Program: Oral and Poster Abstracts
Type: Oral
Session: 614. Acute Lymphoblastic Leukemia: Therapy, excluding Transplantation: Novel Immune-Based Therapies and Novel Targets
Sunday, December 8, 2013: 5:15 PM
La Nouvelle Ballroom C (Ernest N. Morial Convention Center)

Daniel W. Lee III, MD1, Nirali N Shah, MD1, Maryalice Stetler-Stevenson, MD, PhD2*, Marianna Sabatino, MD3*, Cindy Delbrook, RN1*, Kelly Richards, RN1*, James N Kochenderfer, M.D.4, Steven A. Rosenberg, M.D., Ph.D.5*, David Stroncek, MD3, Alan S. Wayne, MD1 and Crystal L Mackall, MD1

1Pediatric Oncology Branch, Center for Cancer Research, National Cancer Institute, National Institutes of Health, Bethesda, MD
2Laboratory of Pathology/CCR, National Cancer Institute, National Institutes of Health, Bethesda, MD
3Department of Transfusion Medicine, National Institutes of Health, Bethesda, MD
4Experimental Transplantation and Immunology Branch, National Cancer Institute, Bethesda, MD
5Surgery Branch, NCI, Bethesda, MD

Survival after relapsed and refractory pediatric pre-B ALL and non-Hodgkin lymphoma (NHL) is poor despite intensive chemotherapy and HSCT.  CAR T cells combine the specificity and MHC independence of antibodies with the cytotoxic capacity of T cells.  By genetically engineering them with a CAR that links an scFv for CD19, present on most NHL and ALL blasts, with the CD3zeta activation domain of the T cell receptor and the CD28 co-stimulatory domain, cytotoxicity can be specifically and fully activated with a single interaction.

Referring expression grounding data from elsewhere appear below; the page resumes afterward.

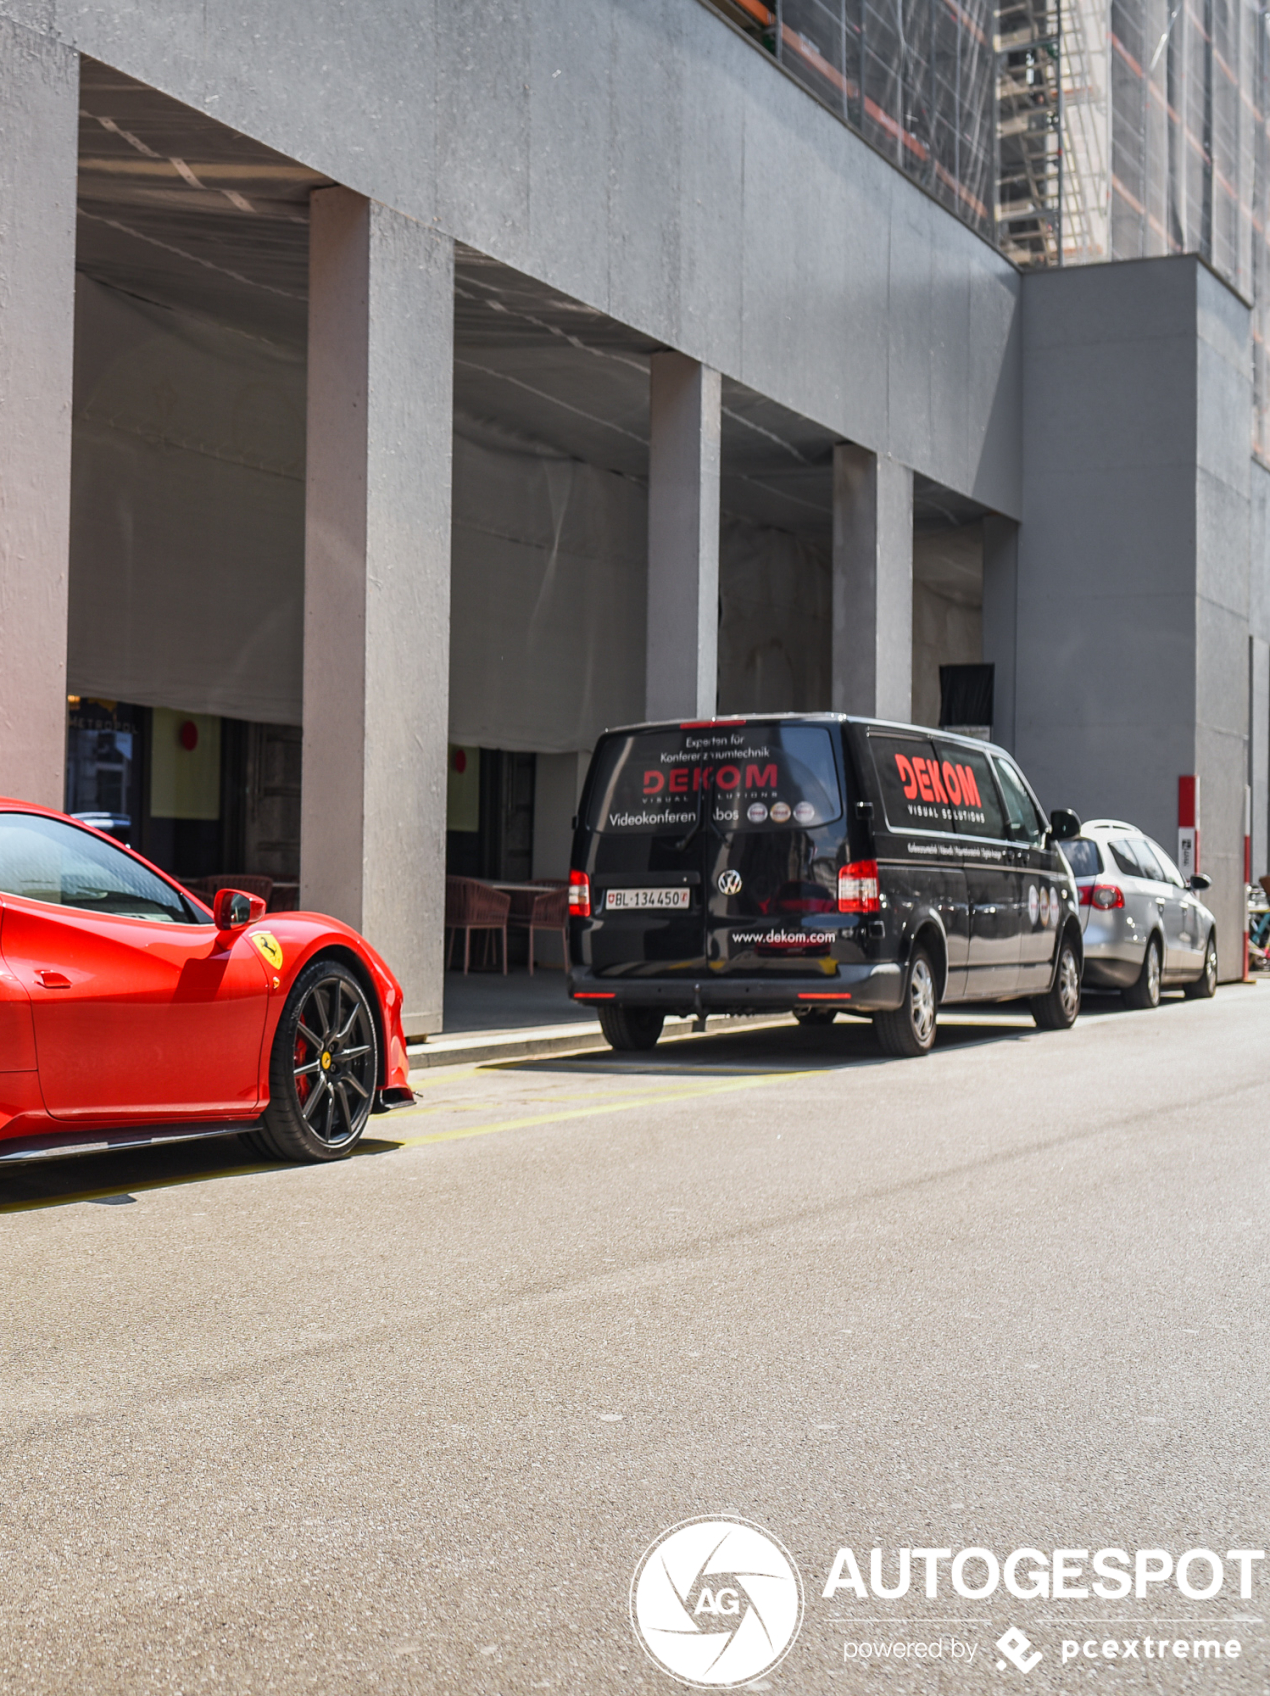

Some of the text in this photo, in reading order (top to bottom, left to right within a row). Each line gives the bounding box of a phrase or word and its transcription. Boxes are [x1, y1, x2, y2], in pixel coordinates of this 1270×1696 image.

[686, 733, 746, 750] Experten für
[642, 764, 778, 794] DEKOM
[894, 753, 982, 808] DEKOM
[642, 795, 689, 804] VISUAL
[701, 791, 778, 801] LUTIONS
[609, 809, 697, 827] Videokonferen
[907, 804, 986, 824] VISUAL SOLUTIONS
[732, 928, 836, 944] www.dekom.com

We undertook a Phase I clinical trial (NCT01593696) of anti-CD19-CD28-zeta CAR T cells in children with relapsed and refractory ALL and NHL with the aim of assessing 1) feasibility of generating adequate numbers of CAR T cells from a high risk population including post-HSCT patients 2) response rate 3) CAR T cell persistence and trafficking to extramedullary sites and 4) toxicities including acute toxicity related to cytokine release syndrome (CRS) and chronic B-cell aplasia related to long-term persistence of CAR T cells.

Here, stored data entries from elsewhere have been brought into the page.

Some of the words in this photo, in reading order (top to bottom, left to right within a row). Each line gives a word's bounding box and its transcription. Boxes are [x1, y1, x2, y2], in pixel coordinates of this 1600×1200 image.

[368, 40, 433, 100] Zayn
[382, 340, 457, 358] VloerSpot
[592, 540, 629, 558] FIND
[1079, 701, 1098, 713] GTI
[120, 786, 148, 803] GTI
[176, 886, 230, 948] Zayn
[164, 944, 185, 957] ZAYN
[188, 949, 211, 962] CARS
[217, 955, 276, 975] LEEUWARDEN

Patients were enrolled on study, then PBMCs were collected by apheresis then immediately enriched for T cells using activating anti-CD3/CD28 beads before retroviral transduction of the CAR gene.  After an 11-day manufacturing process, CAR T cells were infused fresh to patients who have received fludarabine (25 mg/m2/day Days -4, -3, -2) and cyclophosphamide (900 mg/m2/day Day -2). 

We have enrolled and treated 8 patients (7 ALL, 1 NHL; 4 pre-HSCT, 4 post-HSCT) aged 10-23 years.  Regarding feasibility, 6 of 8 patients had successful expansion of CAR T cells that met the assigned dose level, with transduction efficiencies of 18-87%. Expansion was insufficient to meet the target dose for 2 patients, but each still received products that were 3% and 14% of the target dose.

Response rate: The overall complete response (CR) rate is 5 of 8 (62.5%; 95% CI 29-96%) or 5 of 7 ALL patients (71.4%; 95% CI 38-105%) with 3 of these being MRD-negative, including 1 patient who was primarily refractory to chemotherapy, and who proceeded to HSCT following CD19 CAR therapy.  Both patients who received cells below the target dose experienced anti-leukemic effects, one with a transient CR and the other with an MRD-negative CR.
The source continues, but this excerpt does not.